PCR analysis detected NHPH in 38 patients: 36 as Helicobacter suis and two as Helicobacter heilmannii/Helicobacter ailurogastricus. Fourteen Helicobacter suis-infected and one Helicobacter heilmannii/Helicobacter ailurogastricus-infected patients requested eradication therapy. The triple-drug combination therapy succeeded in four of five patients, while the PPI monotherapy succeeded in five of 10 patients. Three of five patients who had been unsuccessful with the latter therapy requested the triple-drug combination therapy as the second eradication and all three were successful. In total, the triple-drug combination therapy succeeded in seven out of eight (87.5%) attempted cases, while the PPI monotherapy in five out of 10 (50%) attempted cases.
In NHPH eradication, the triple-drug combination therapy was considered to be effective to some extent and to become the first-line therapy. While, although less successful, PPI monotherapy appeared to be a potentially promising option particularly for patients with allergy or resistance to antibiotics. Effectiveness of PPI monotherapy may be attributed to hyperacid environment preference of Helicobacter suis and PPI's acid-suppressive effect. Additionally, male predominance in NHPH-infected gastritis patients may be explained by gender difference in gastric acid secretory capacity.

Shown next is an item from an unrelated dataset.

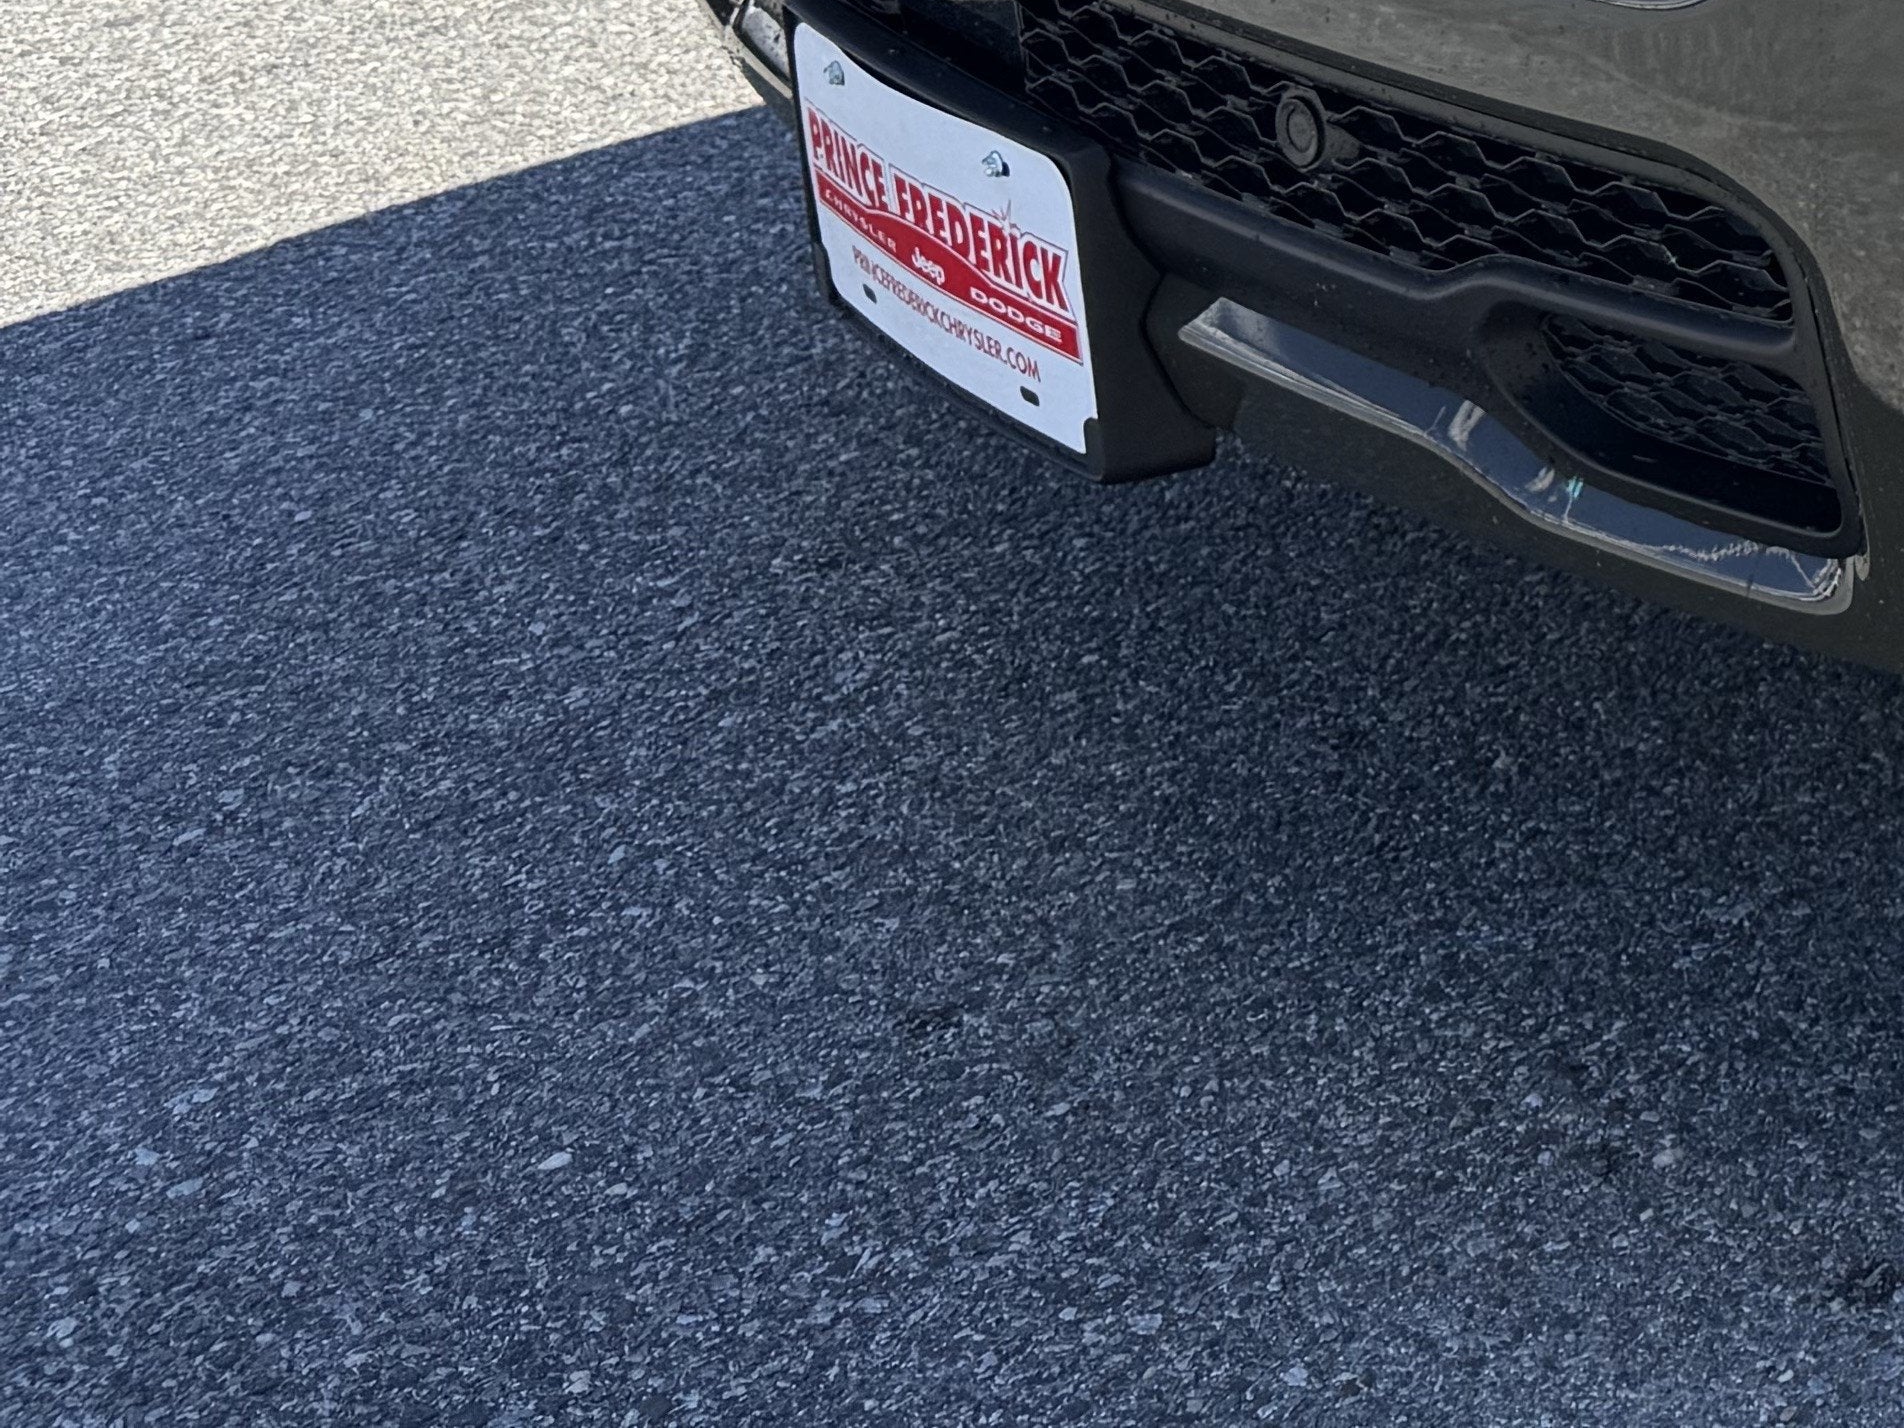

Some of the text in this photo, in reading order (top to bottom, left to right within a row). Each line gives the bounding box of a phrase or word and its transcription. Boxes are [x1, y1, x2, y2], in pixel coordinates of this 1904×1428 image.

[807, 106, 1069, 313] PRINCE FREDERICK
[825, 189, 1063, 344] CHRYSLER Jeep DODGE
[852, 244, 1042, 383] PRINCEFREDERICKCHRYSLER.COM

However, further evidence needs to be accumulated.
This study was approved by the Research Ethics Committee of Kenwakai Hospital (No. 2,017,024).
目前,尚无针对非幽门螺杆菌 Helicobacter(NHPH)的根除方案。我们调查了标准三联药物根除幽门螺杆菌(H. pylori)方案和质子泵抑制剂(PPI)单药治疗对 NHPH 根除的效果。

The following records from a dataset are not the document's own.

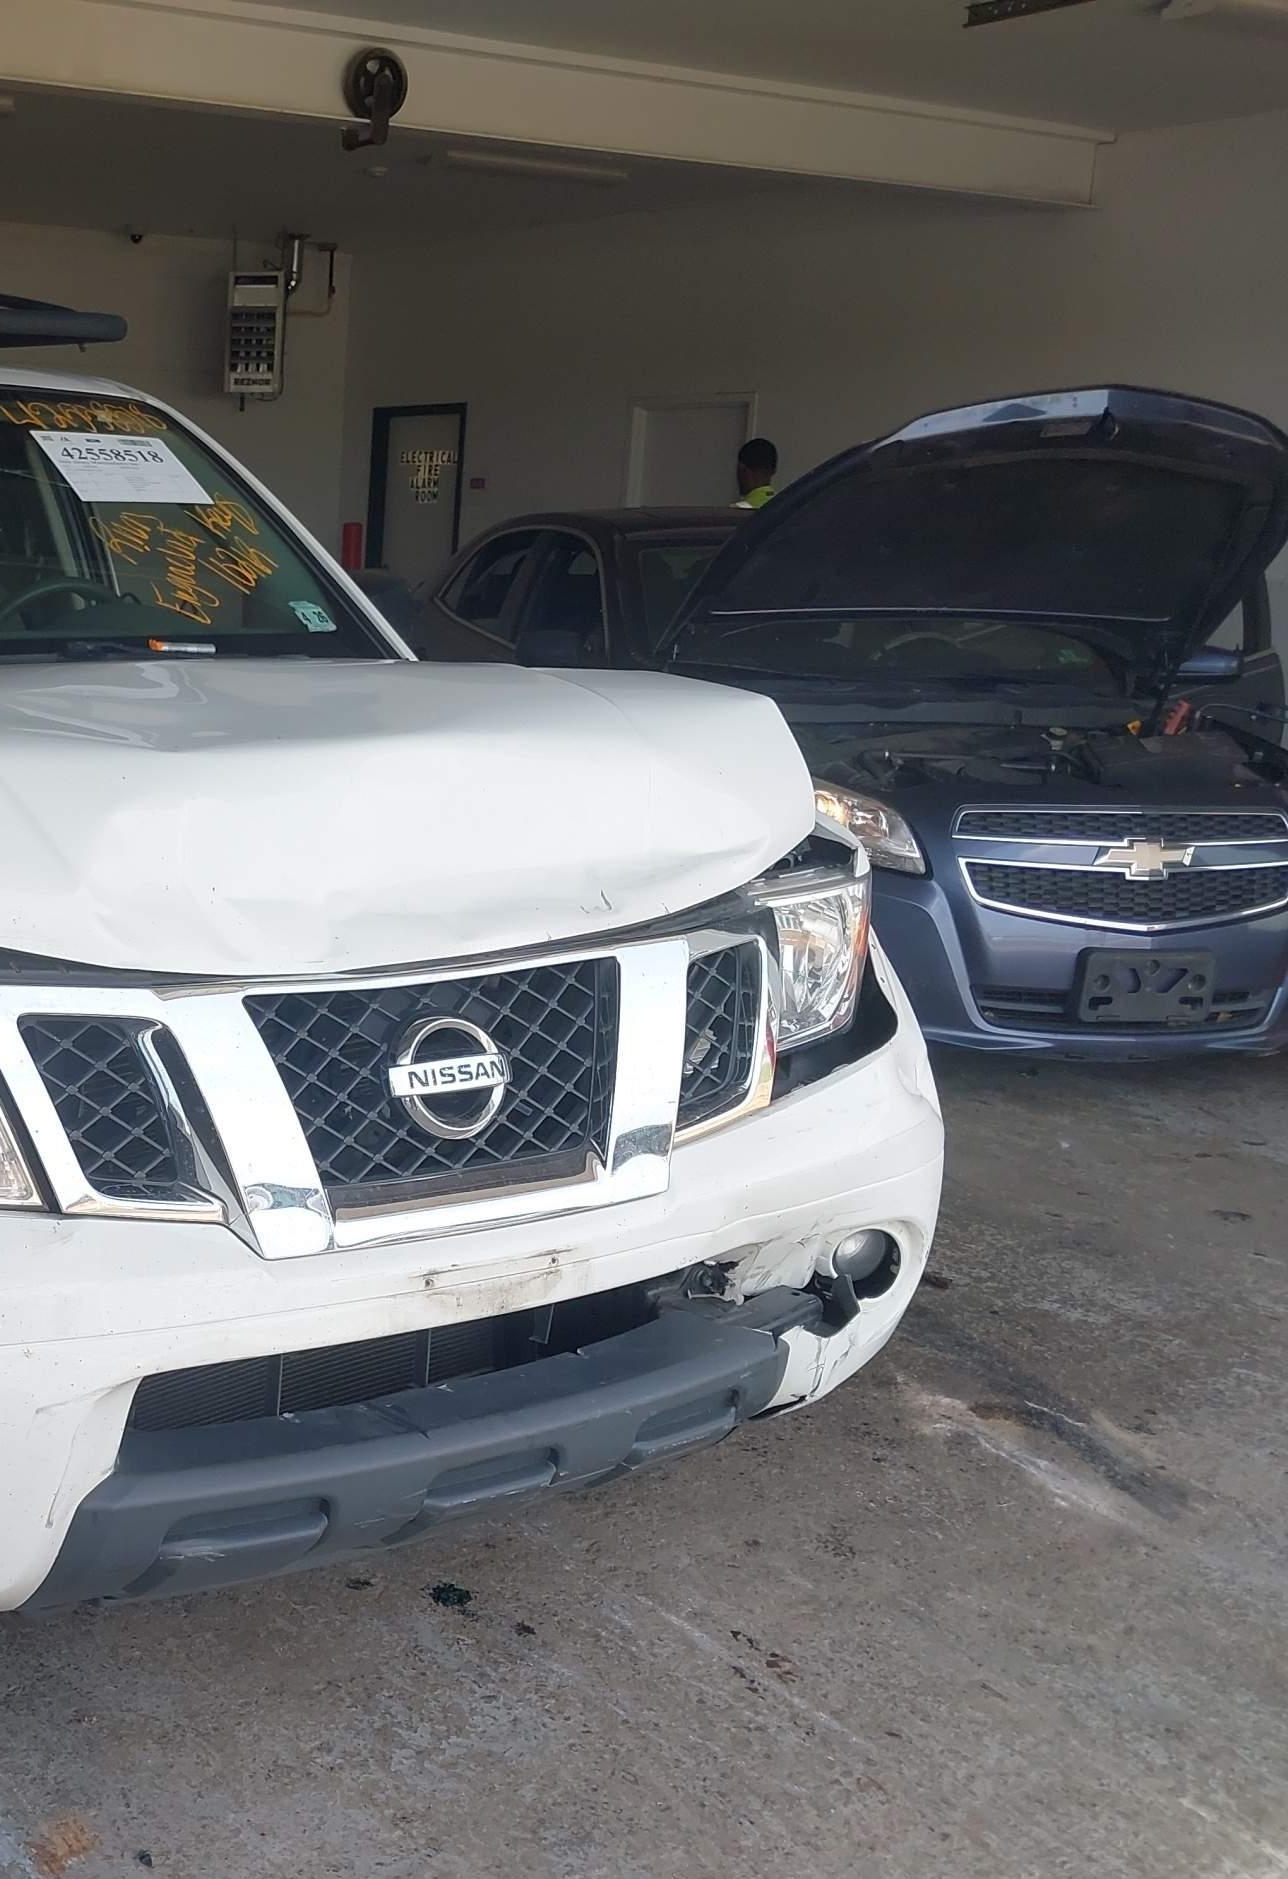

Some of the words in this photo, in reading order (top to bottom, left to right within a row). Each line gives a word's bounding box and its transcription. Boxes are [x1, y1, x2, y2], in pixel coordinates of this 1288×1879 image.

[61, 447, 164, 463] 42558518
[400, 450, 457, 464] ELECTRICAL
[416, 464, 440, 477] FIRE
[410, 477, 439, 489] ALARM
[415, 490, 439, 502] ROOM
[407, 1059, 506, 1089] NISSAN

本研究的对象为 2010 年 11 月至 2021 年 9 月期间在健和会医院根据胃黏膜标本中经吉姆萨染色发现的微观表现(明显大于幽门螺杆菌的螺旋形生物体)诊断为 NHPH 感染性胃炎的患者。使用聚合酶链反应(PCR)分析内窥镜活检样本中的脲酶基因鉴定 NHPH 种属,且同意接受为期一周的三联药物联合治疗或为期六个月的 PPI 单药治疗以进行 NHPH 根除。根除结束后 6 个月,通过上消化道内镜检查、显微镜检查和 PCR 分析确定其结果。如果根除失败,建议患者进行第二种治疗。

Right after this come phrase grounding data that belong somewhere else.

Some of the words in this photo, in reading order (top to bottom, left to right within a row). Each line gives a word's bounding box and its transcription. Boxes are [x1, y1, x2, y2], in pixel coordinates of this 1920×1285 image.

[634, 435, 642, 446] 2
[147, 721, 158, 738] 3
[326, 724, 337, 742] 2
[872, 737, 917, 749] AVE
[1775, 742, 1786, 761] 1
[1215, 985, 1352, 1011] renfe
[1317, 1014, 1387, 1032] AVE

PCR 分析在 38 例患者中检测到 NHPH:36 例为猪源螺杆菌,2 例为希氏/猫胃螺杆菌。14 例猪源螺杆菌感染和 1 例希氏/猫胃螺杆菌感染的患者要求进行根除治疗。5 例猪源螺杆菌感染患者接受了三联药物联合治疗,其中 4 例成功,10 例接受 PPI 单药治疗的患者中,有 5 例成功。5 例对后者治疗不成功的患者要求接受三联药物治疗作为第二次根除,均成功。总共有 8 例尝试的患者中,7 例(87.5%)采用三联药物联合治疗成功,10 例尝试的患者中有 5 例(50%)采用 PPI 单药治疗成功。
在 NHPH 根除中,三联药物联合治疗在一定程度上被认为是有效的,成为一线治疗方法。而 PPI 单药治疗虽然成功率较低,但似乎是一种有前途的选择,特别是对过敏或抗生素耐药的患者。PPI 单药治疗的有效性可能归因于猪源螺杆菌对高酸环境的偏好和 PPI 的抑酸作用。此外,NHPH 感染性胃炎患者中男性占优势可能可以用胃酸性分泌能力的性别差异来解释。然而,还需要进一步的证据积累。
本研究得到了健和会医院研究伦理委员会的批准(编号:2017024)。